A discipline is a domain of knowledge with its own methods. What makes a discipline a discipline — as opposed to a topic or a loose collection of ideas — is methodological independence: it has its own standards for what counts as evidence, how claims are validated, and how inquiry proceeds.
Mathematics proves. Sociology observes and theorizes. Philosophy argues. Ecology measures and models. These are not interchangeable. The methods of a discipline are among its most important content — they determine what kind of knowledge the discipline can produce and what forms that knowledge takes.
Disciplines can contain subdisciplines. A subdiscipline inherits from its parent but has enough methodological specificity to warrant independent treatment.
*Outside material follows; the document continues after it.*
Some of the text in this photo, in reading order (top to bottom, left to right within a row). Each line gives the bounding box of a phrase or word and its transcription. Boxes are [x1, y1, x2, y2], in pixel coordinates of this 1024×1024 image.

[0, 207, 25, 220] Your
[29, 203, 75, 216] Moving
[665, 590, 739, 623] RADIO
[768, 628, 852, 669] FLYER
Pedagogy is a subdiscipline of education; critical theory is a subdiscipline of philosophy. The nesting follows methodological refinement: each subdiscipline specializes the parent’s methods for a more specific domain of inquiry.
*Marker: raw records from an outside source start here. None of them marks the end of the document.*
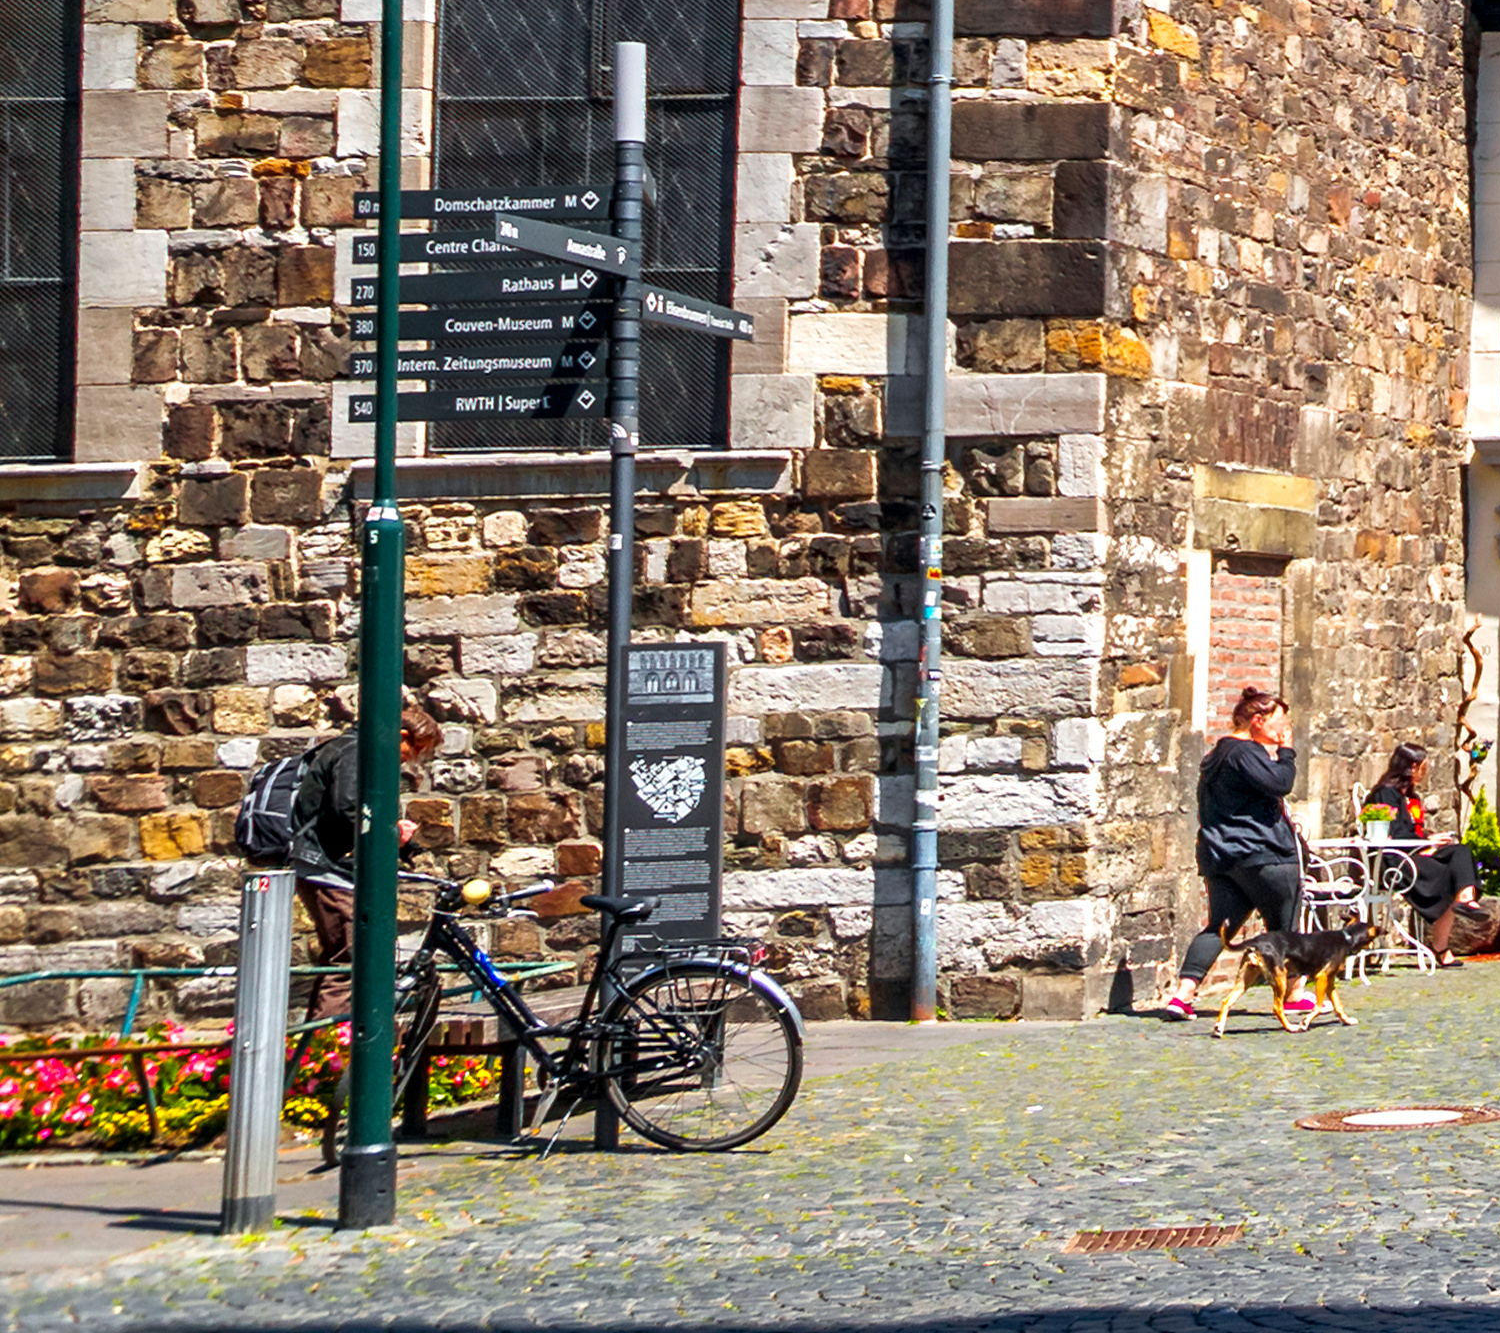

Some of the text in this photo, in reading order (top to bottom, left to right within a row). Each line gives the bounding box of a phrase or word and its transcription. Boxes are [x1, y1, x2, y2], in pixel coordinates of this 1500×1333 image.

[358, 200, 371, 214] 60
[434, 195, 556, 213] Domschatzkammer
[564, 195, 577, 208] M
[357, 243, 375, 257] 150
[425, 239, 469, 255] Centre
[355, 276, 555, 299] 270 Rathaus
[355, 315, 574, 334] 380 Couven-Museum M
[354, 355, 574, 374] 370 Intern. Zeitungsmuseum M
[354, 401, 373, 416] 540
[456, 396, 495, 412] RWTH
[505, 396, 541, 413] Super
[369, 529, 379, 544] 5
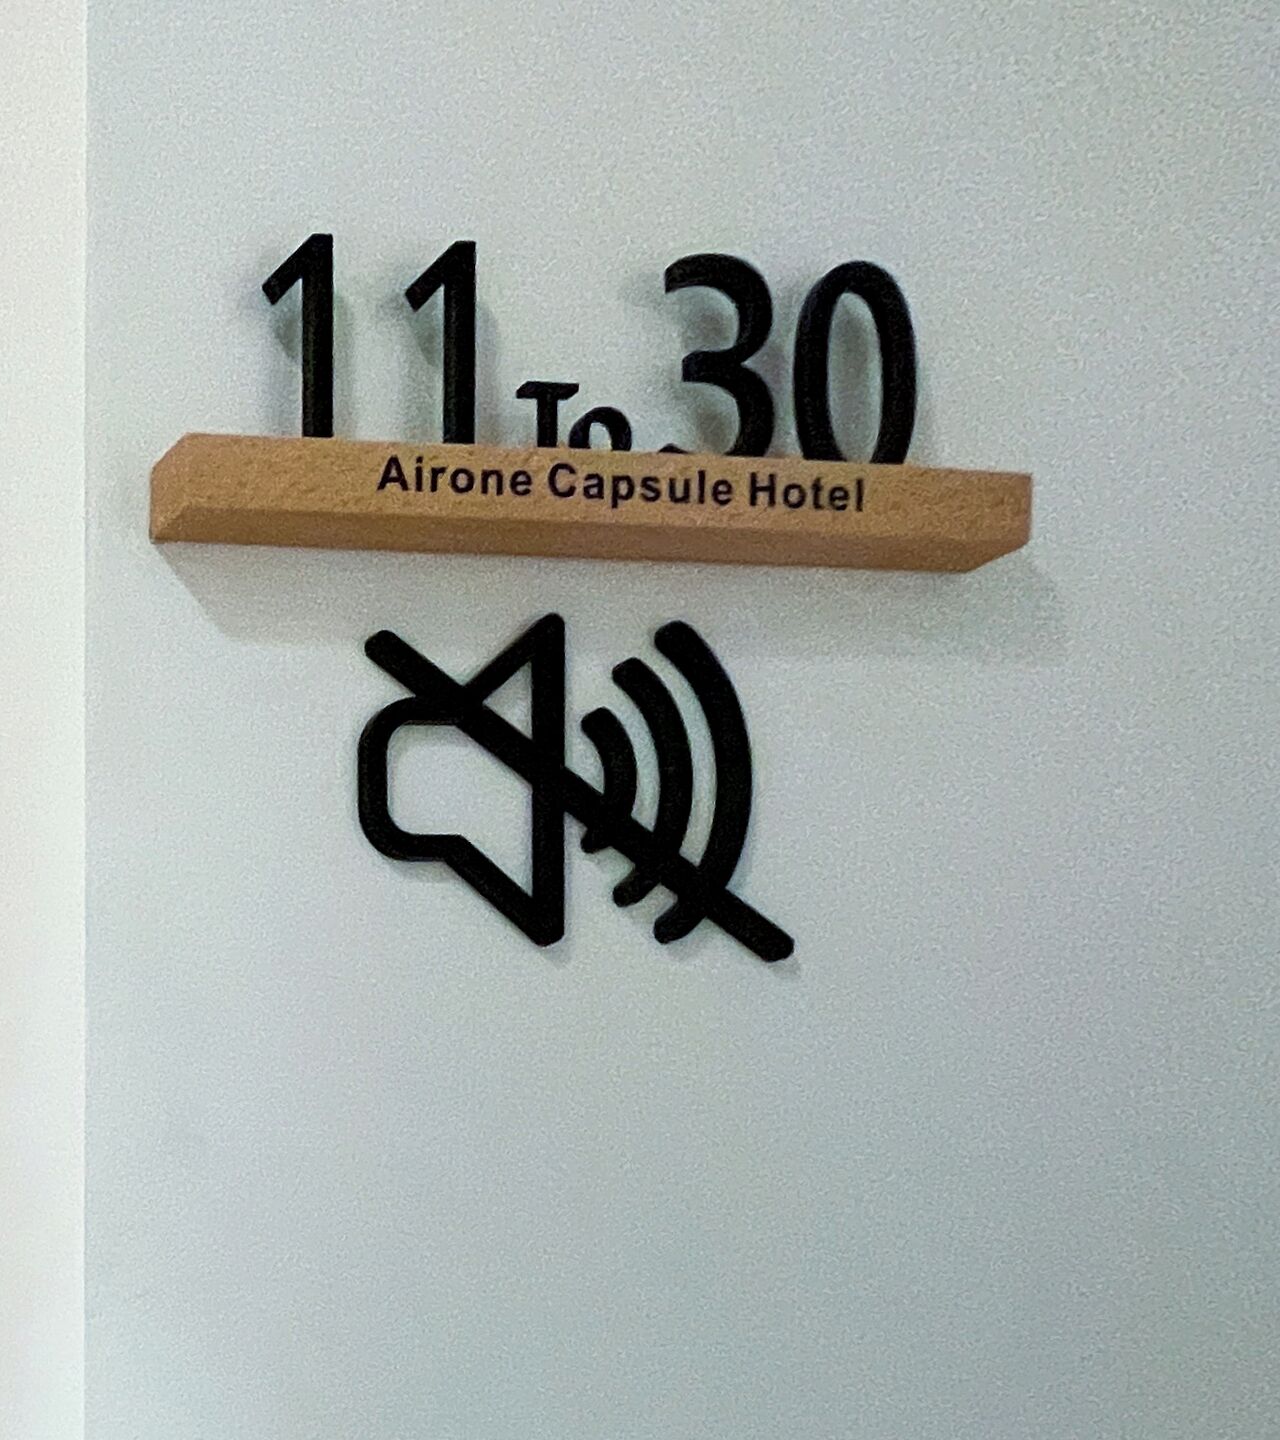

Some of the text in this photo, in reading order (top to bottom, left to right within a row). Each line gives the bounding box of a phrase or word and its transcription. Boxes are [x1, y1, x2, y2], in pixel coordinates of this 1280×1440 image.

[262, 233, 918, 464] 11 To 30
[377, 455, 865, 512] Airone Capsule Hotel
Disciplines can also contain schools — named traditions that share the discipline’s subject matter but differ in methodology, epistemology, or emphasis. Critical pedagogy and constructivism are schools within pedagogy: they study the same things (teaching, learning) but differ in their methods and commitments.
In the ASR, disciplines are top-level directories. Each discipline directory can contain terms, concepts, topics, schools, texts, curricula, methods, and subdisciplines. The directory organization specification describes the standard structure; not every discipline has all of these, and only those with content are created.